- Opening Delimiter -

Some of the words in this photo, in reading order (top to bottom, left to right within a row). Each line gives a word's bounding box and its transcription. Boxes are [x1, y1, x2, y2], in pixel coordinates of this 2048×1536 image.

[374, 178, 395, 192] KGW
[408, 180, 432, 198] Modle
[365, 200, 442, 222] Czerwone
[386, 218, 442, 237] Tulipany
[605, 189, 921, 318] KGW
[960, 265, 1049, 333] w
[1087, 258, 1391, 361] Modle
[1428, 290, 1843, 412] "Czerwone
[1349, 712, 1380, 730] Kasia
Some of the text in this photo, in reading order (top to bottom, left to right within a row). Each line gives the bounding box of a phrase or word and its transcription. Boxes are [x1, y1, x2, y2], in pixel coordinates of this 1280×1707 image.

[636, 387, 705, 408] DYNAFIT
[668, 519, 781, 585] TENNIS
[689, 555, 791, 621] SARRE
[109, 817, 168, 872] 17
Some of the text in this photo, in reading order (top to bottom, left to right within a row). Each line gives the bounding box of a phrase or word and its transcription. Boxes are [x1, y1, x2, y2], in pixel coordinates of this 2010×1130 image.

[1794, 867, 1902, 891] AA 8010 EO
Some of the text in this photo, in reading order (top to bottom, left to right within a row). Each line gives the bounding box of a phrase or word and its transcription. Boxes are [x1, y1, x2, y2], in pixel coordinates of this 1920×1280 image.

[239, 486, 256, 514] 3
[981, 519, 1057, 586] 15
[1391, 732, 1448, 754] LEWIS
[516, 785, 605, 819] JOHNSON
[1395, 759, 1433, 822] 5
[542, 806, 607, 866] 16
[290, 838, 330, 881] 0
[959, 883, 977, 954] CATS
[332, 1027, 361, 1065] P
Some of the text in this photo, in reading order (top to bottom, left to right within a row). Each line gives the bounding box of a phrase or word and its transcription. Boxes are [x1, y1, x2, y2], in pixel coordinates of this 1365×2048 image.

- Closing Delimiter -

§ **The problem**
Every record above must be printed again exactly as it stands.

§ **Completed task**
Some of the words in this photo, in reading order (top to bottom, left to right within a row). Each line gives a word's bounding box and its transcription. Boxes are [x1, y1, x2, y2], in pixel coordinates of this 2048×1536 image.

[374, 178, 395, 192] KGW
[408, 180, 432, 198] Modle
[365, 200, 442, 222] Czerwone
[386, 218, 442, 237] Tulipany
[605, 189, 921, 318] KGW
[960, 265, 1049, 333] w
[1087, 258, 1391, 361] Modle
[1428, 290, 1843, 412] "Czerwone
[1349, 712, 1380, 730] Kasia
Some of the text in this photo, in reading order (top to bottom, left to right within a row). Each line gives the bounding box of a phrase or word and its transcription. Boxes are [x1, y1, x2, y2], in pixel coordinates of this 1280×1707 image.

[636, 387, 705, 408] DYNAFIT
[668, 519, 781, 585] TENNIS
[689, 555, 791, 621] SARRE
[109, 817, 168, 872] 17
Some of the text in this photo, in reading order (top to bottom, left to right within a row). Each line gives the bounding box of a phrase or word and its transcription. Boxes are [x1, y1, x2, y2], in pixel coordinates of this 2010×1130 image.

[1794, 867, 1902, 891] AA 8010 EO
Some of the text in this photo, in reading order (top to bottom, left to right within a row). Each line gives the bounding box of a phrase or word and its transcription. Boxes are [x1, y1, x2, y2], in pixel coordinates of this 1920×1280 image.

[239, 486, 256, 514] 3
[981, 519, 1057, 586] 15
[1391, 732, 1448, 754] LEWIS
[516, 785, 605, 819] JOHNSON
[1395, 759, 1433, 822] 5
[542, 806, 607, 866] 16
[290, 838, 330, 881] 0
[959, 883, 977, 954] CATS
[332, 1027, 361, 1065] P
Some of the text in this photo, in reading order (top to bottom, left to right within a row). Each line gives the bounding box of a phrase or word and its transcription. Boxes are [x1, y1, x2, y2], in pixel coordinates of this 1365×2048 image.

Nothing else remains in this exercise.